[Required action]
The reply is to be an exact repetition of the entries that follow, with each picture left out.

Start of Available data

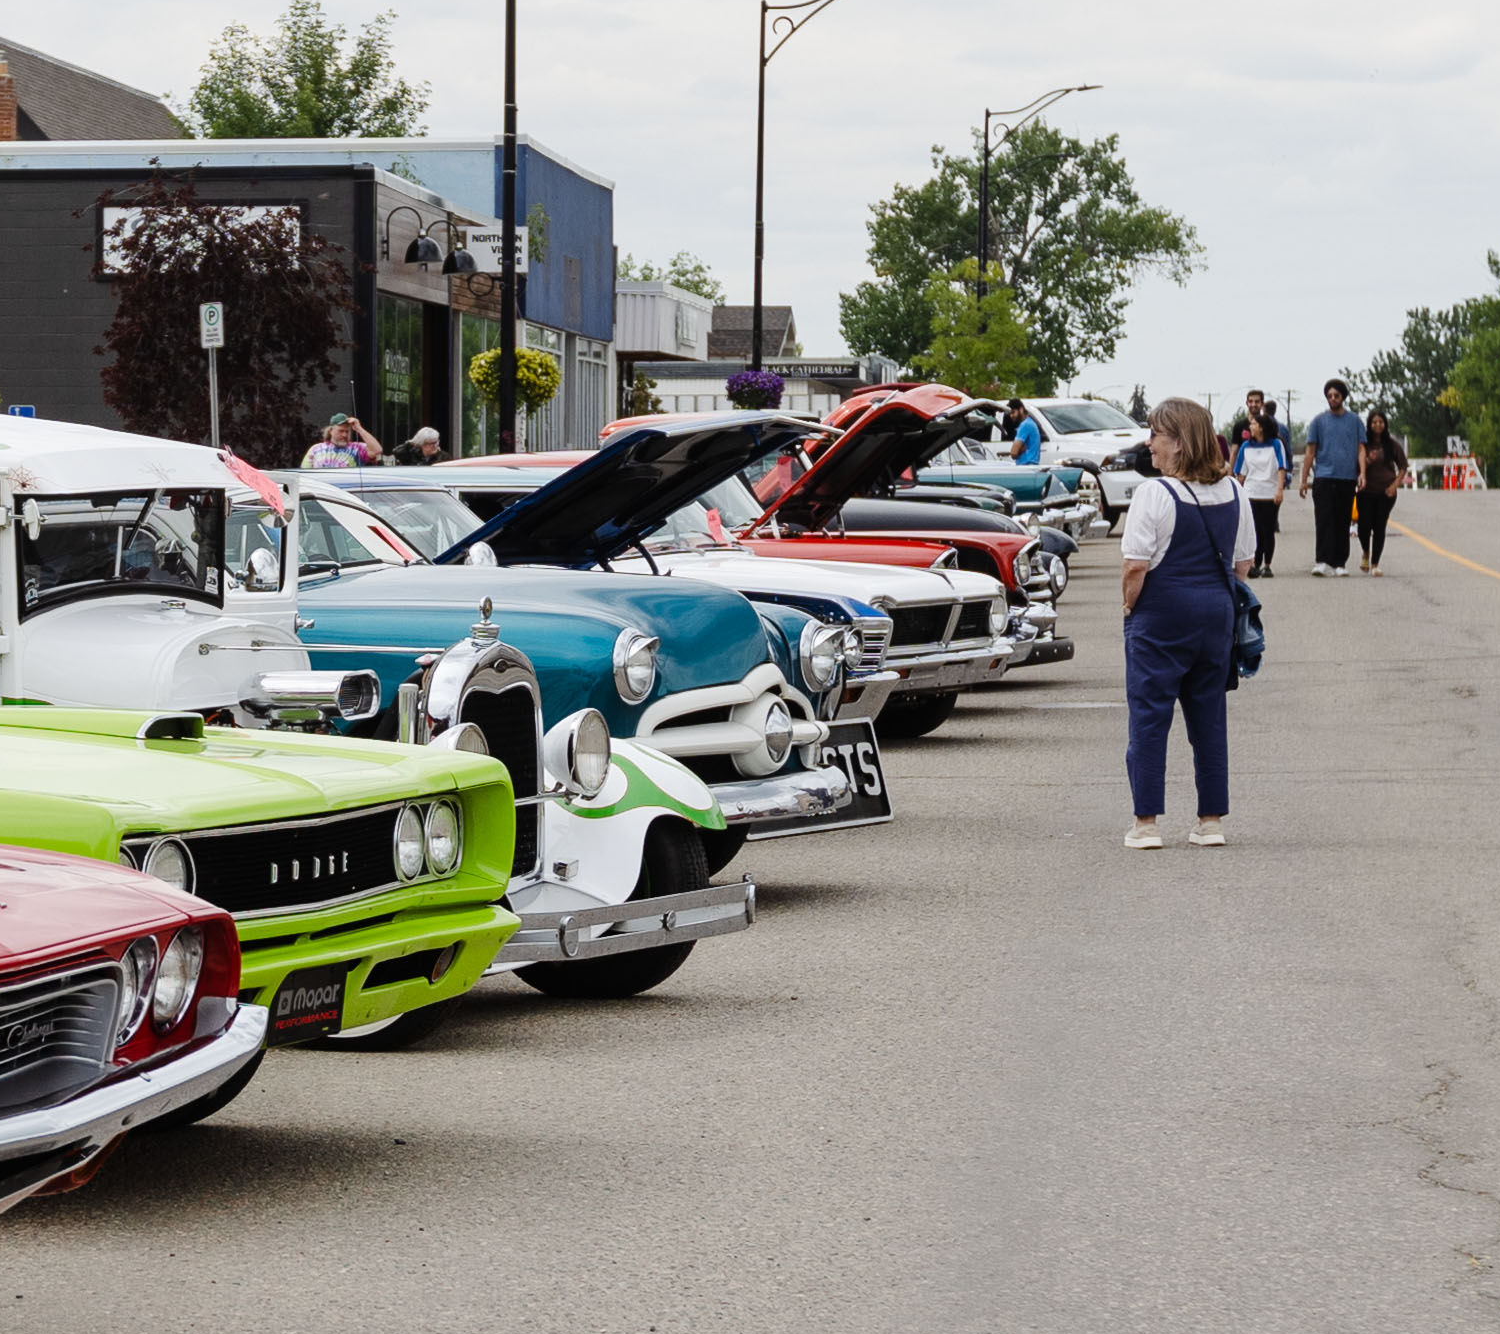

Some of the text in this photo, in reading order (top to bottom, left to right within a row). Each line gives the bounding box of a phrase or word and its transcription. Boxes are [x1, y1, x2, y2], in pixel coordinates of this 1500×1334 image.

[472, 234, 522, 243] NORTHN
[491, 245, 522, 254] VIN
[497, 256, 522, 265] CE
[271, 851, 349, 884] DODGE
[275, 1010, 338, 1030] PERFORMANCE
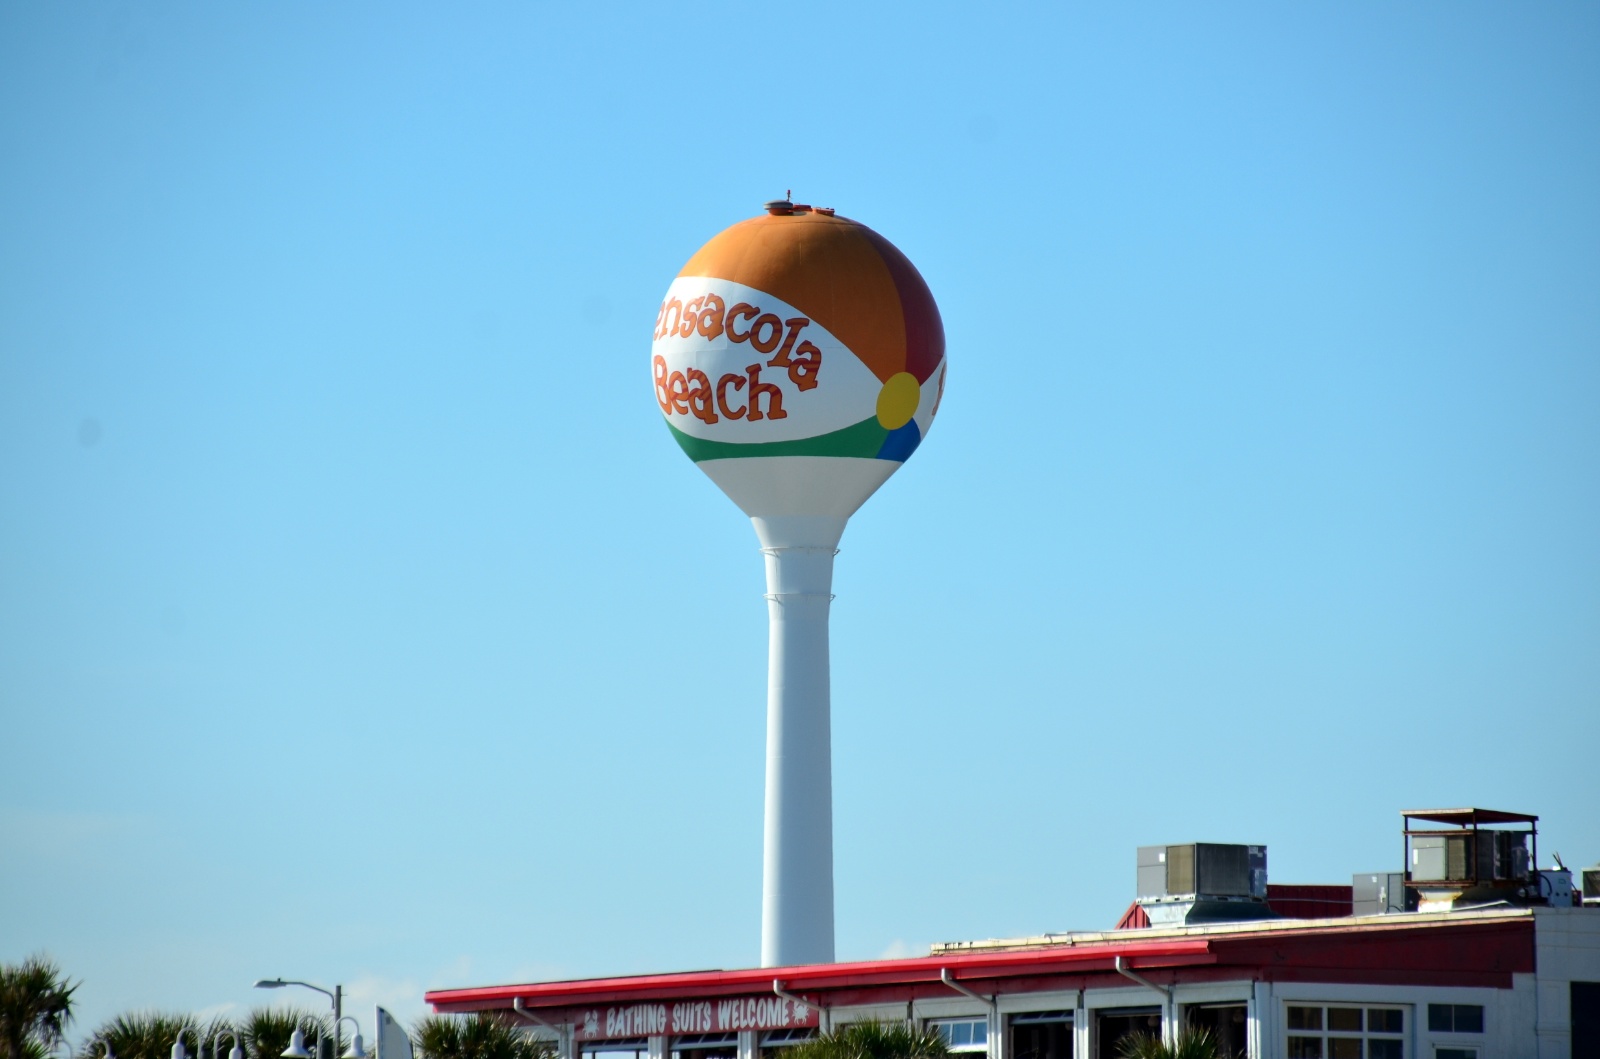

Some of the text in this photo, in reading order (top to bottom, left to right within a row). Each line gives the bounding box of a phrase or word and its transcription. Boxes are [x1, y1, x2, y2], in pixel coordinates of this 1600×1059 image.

[653, 355, 787, 424] Beach
[606, 997, 789, 1036] BATHING SUITS WELCOME
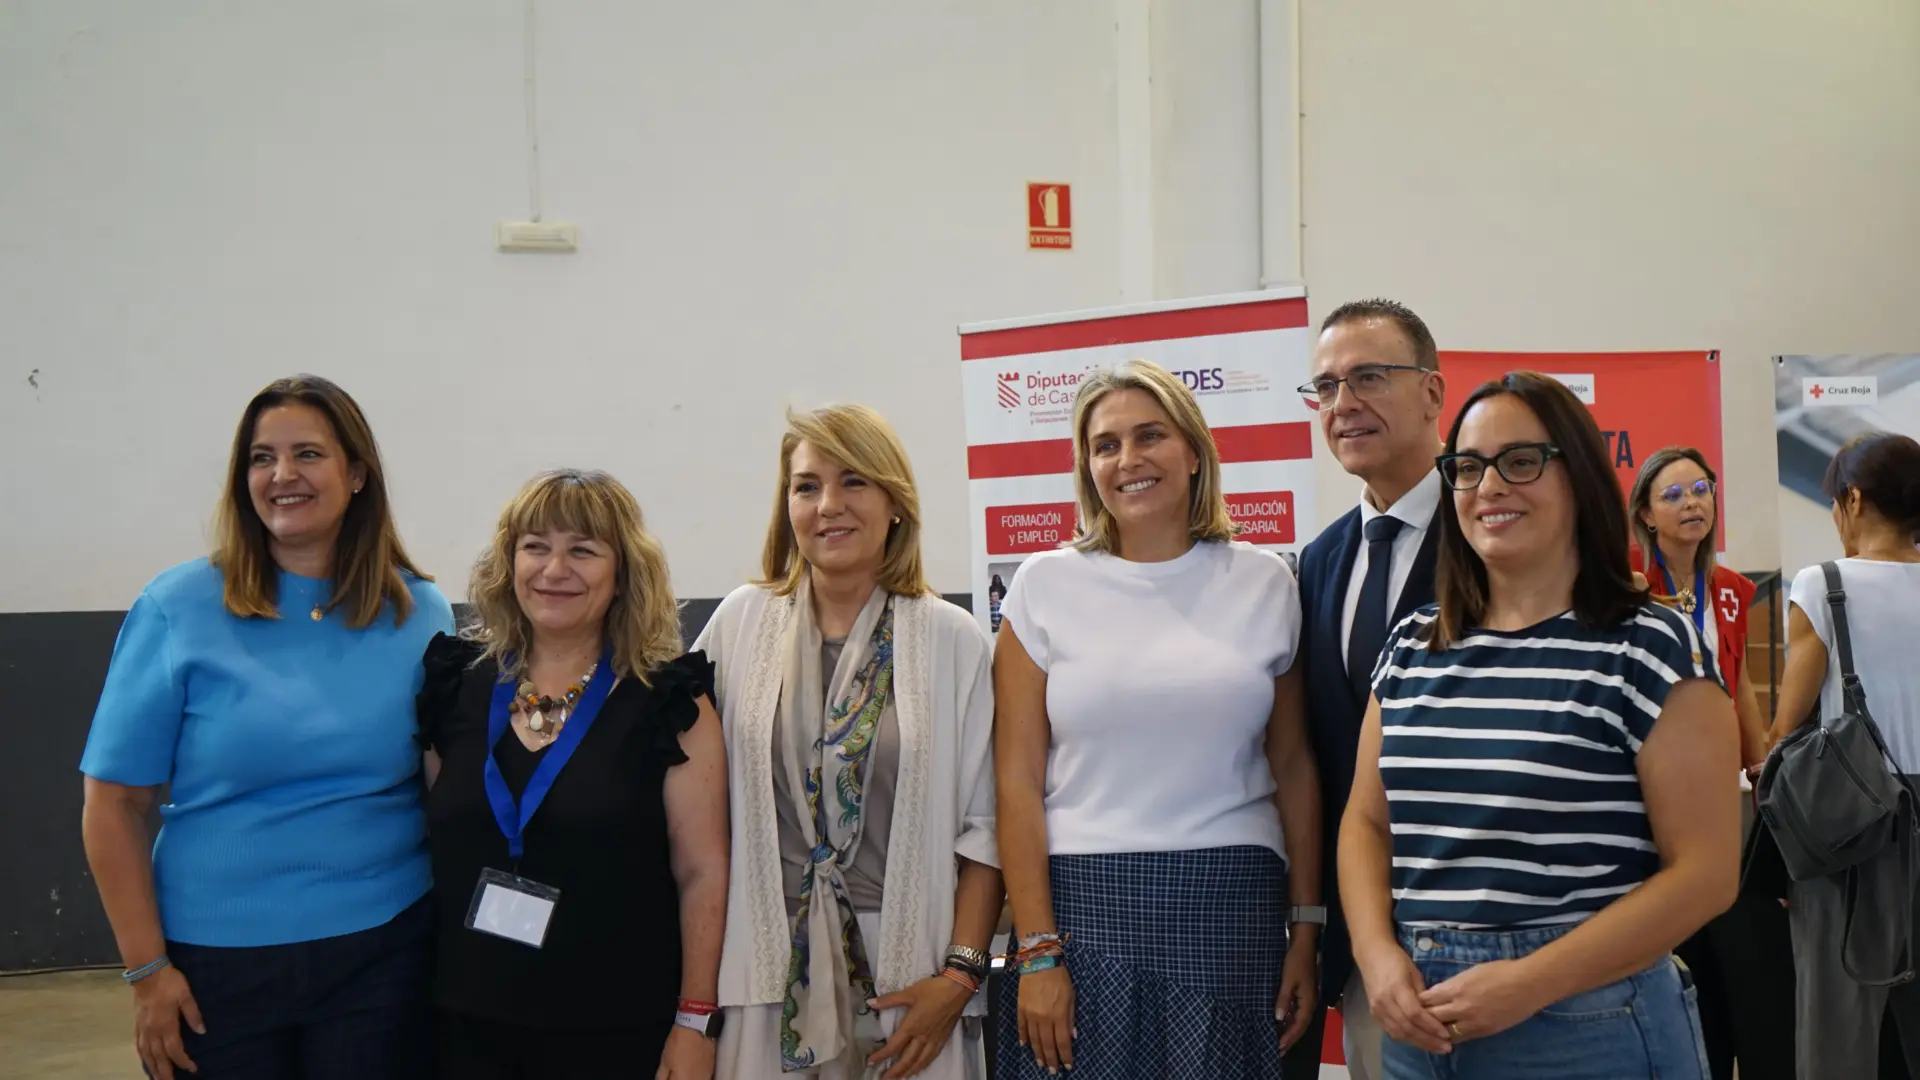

End of Available data

[Your response]
Some of the text in this photo, in reading order (top to bottom, left to right within a row). Each line gives the bounding box of a phrase or word and its transcription. Boxes are [x1, y1, x2, y2], in pixel coordinates of this 1500×1334 image.

[472, 234, 522, 243] NORTHN
[491, 245, 522, 254] VIN
[497, 256, 522, 265] CE
[271, 851, 349, 884] DODGE
[275, 1010, 338, 1030] PERFORMANCE

Some of the text in this photo, in reading order (top to bottom, left to right within a row). Each line gives the bounding box of a phrase or word and its transcription. Boxes are [x1, y1, x2, y2], in pixel coordinates of this 1600×1059 image.

[653, 355, 787, 424] Beach
[606, 997, 789, 1036] BATHING SUITS WELCOME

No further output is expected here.